The children were treated with immune-modulatory medications (intravenous methylprednisolone and/or intravenous immunoglobulin [IVIG]). One child (patient 5) required a second dose of IVIG before fever settled. All other children became afebrile with the first line therapy and were discharged home on anti-platelet dose of aspirin after acute-phase reactants normalized and they remained afebrile for 48 hours.


   Discussion Top


LV diastolic dysfunction precedes LV systolic dysfunction in all forms of myocarditis. The PALS which is an assessment of the LA reservoir function has been shown to be reduced in adults with diastolic dysfunction.[6] It has been shown to be reduced in children with LA dilatation from varied causes.[7] The parameter was studied in children with KD and was shown to be superior to Lat e/e' in differentiating acute KD from controls.[4]

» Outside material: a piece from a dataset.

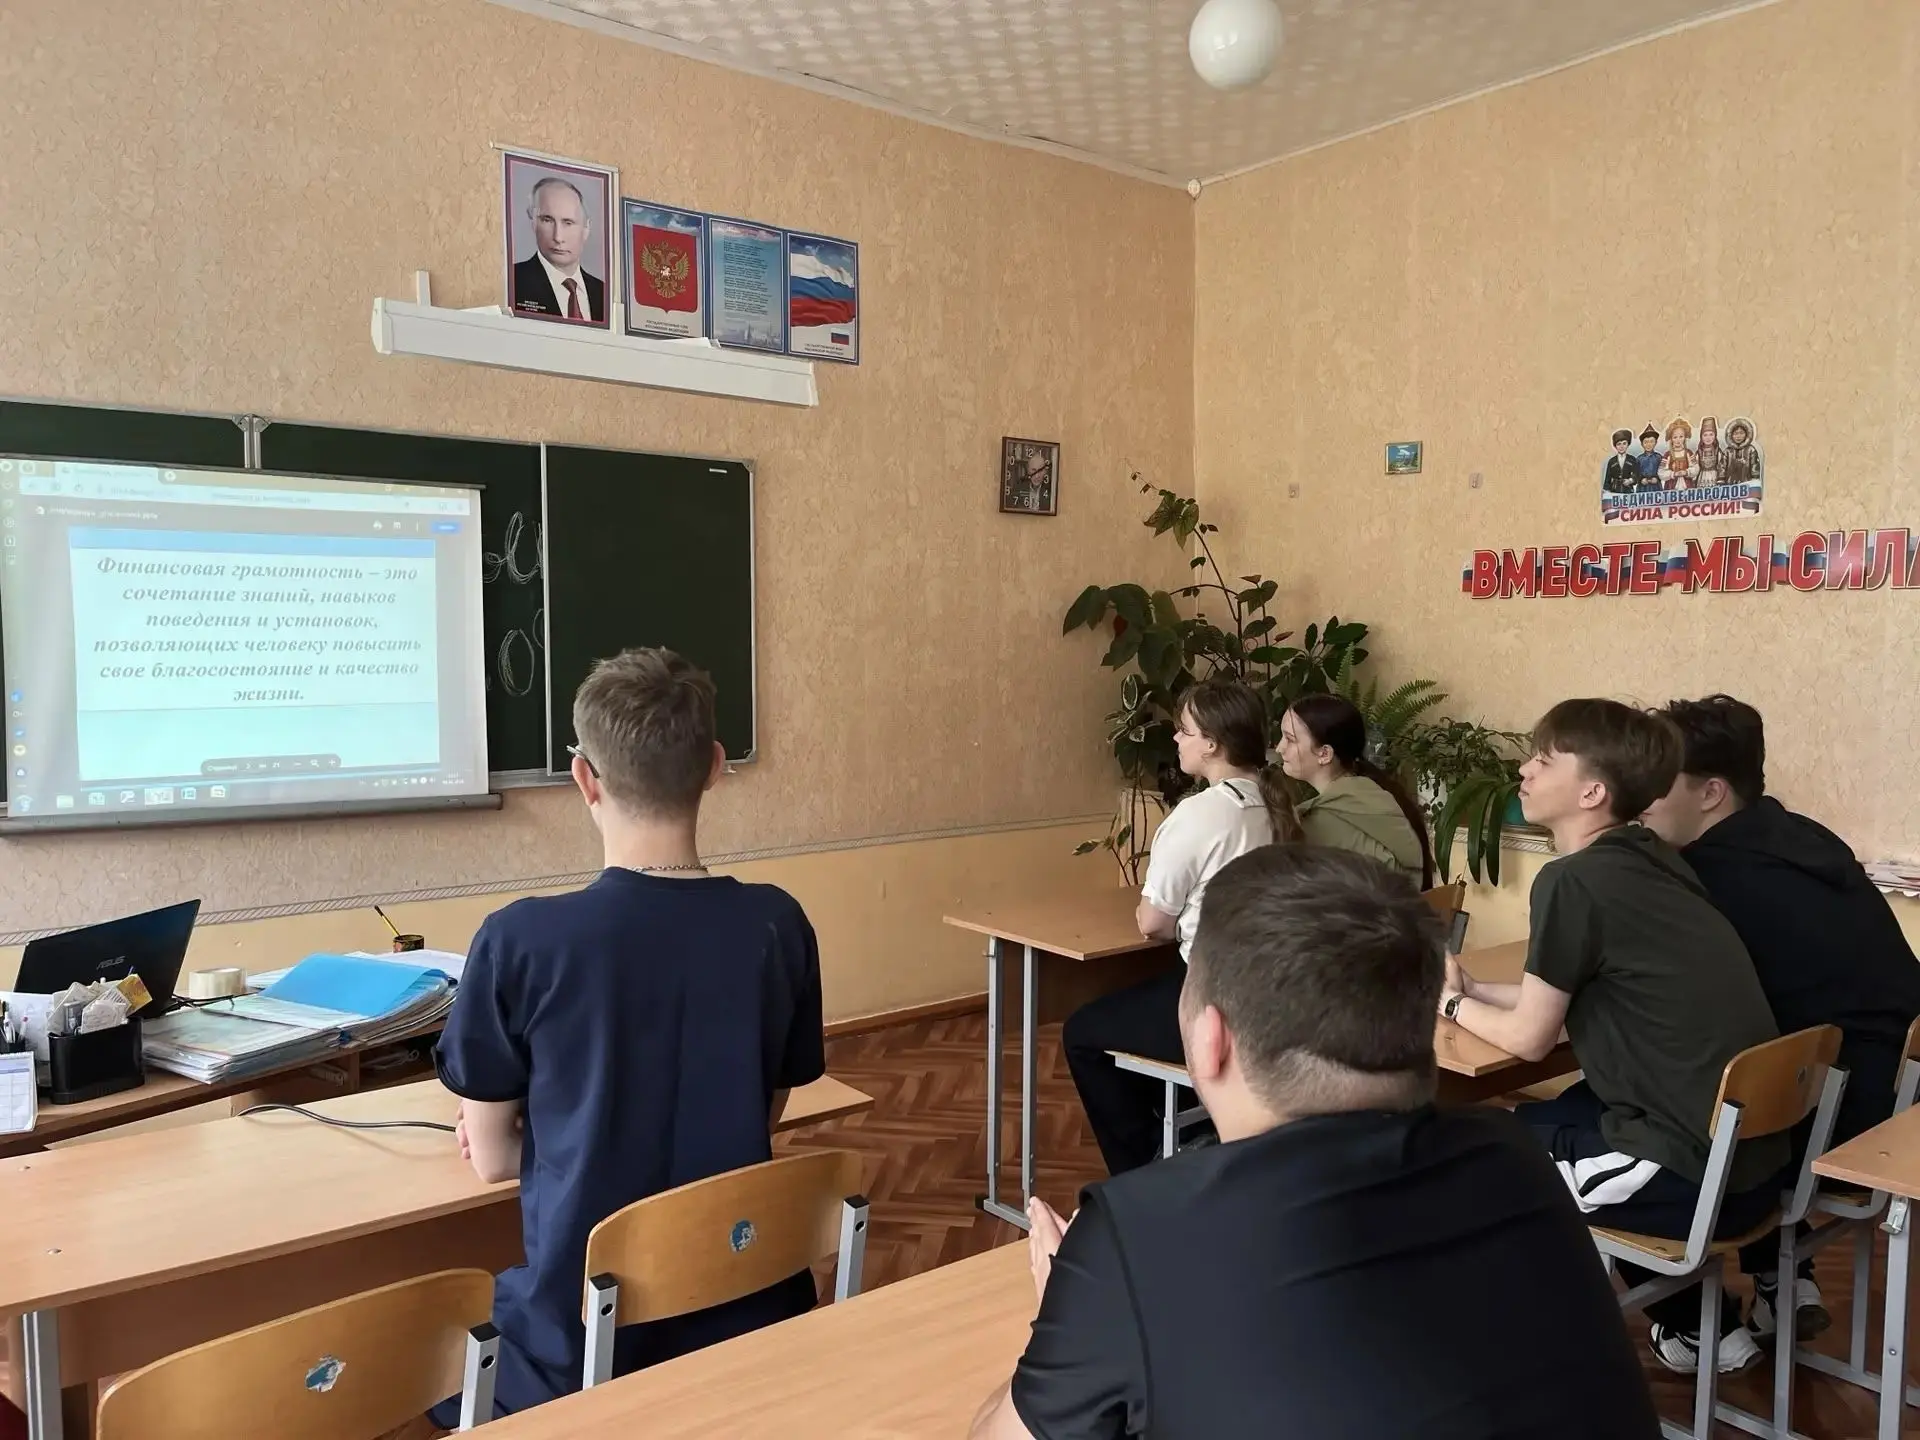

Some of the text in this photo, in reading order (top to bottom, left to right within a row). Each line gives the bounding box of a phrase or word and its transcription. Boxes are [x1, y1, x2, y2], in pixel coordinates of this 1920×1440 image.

The initial reports from Europe and North America have shown that the coronary artery dilatation in MIS-C is less spectacular than KD with a very low incidence of giant aneurysms.[2],[8],[9] The first series from our country reported a very low incidence of cardiac abnormalities.[3],[10] In all our patients, there were no aneurysms and the coronary artery z-scores seldom exceeded +2.5. Coronary artery prominence and peri-vascular echogenicity have been reported more widely.[8] However, both these findings are subjective and have very high inter-operator variability.[11]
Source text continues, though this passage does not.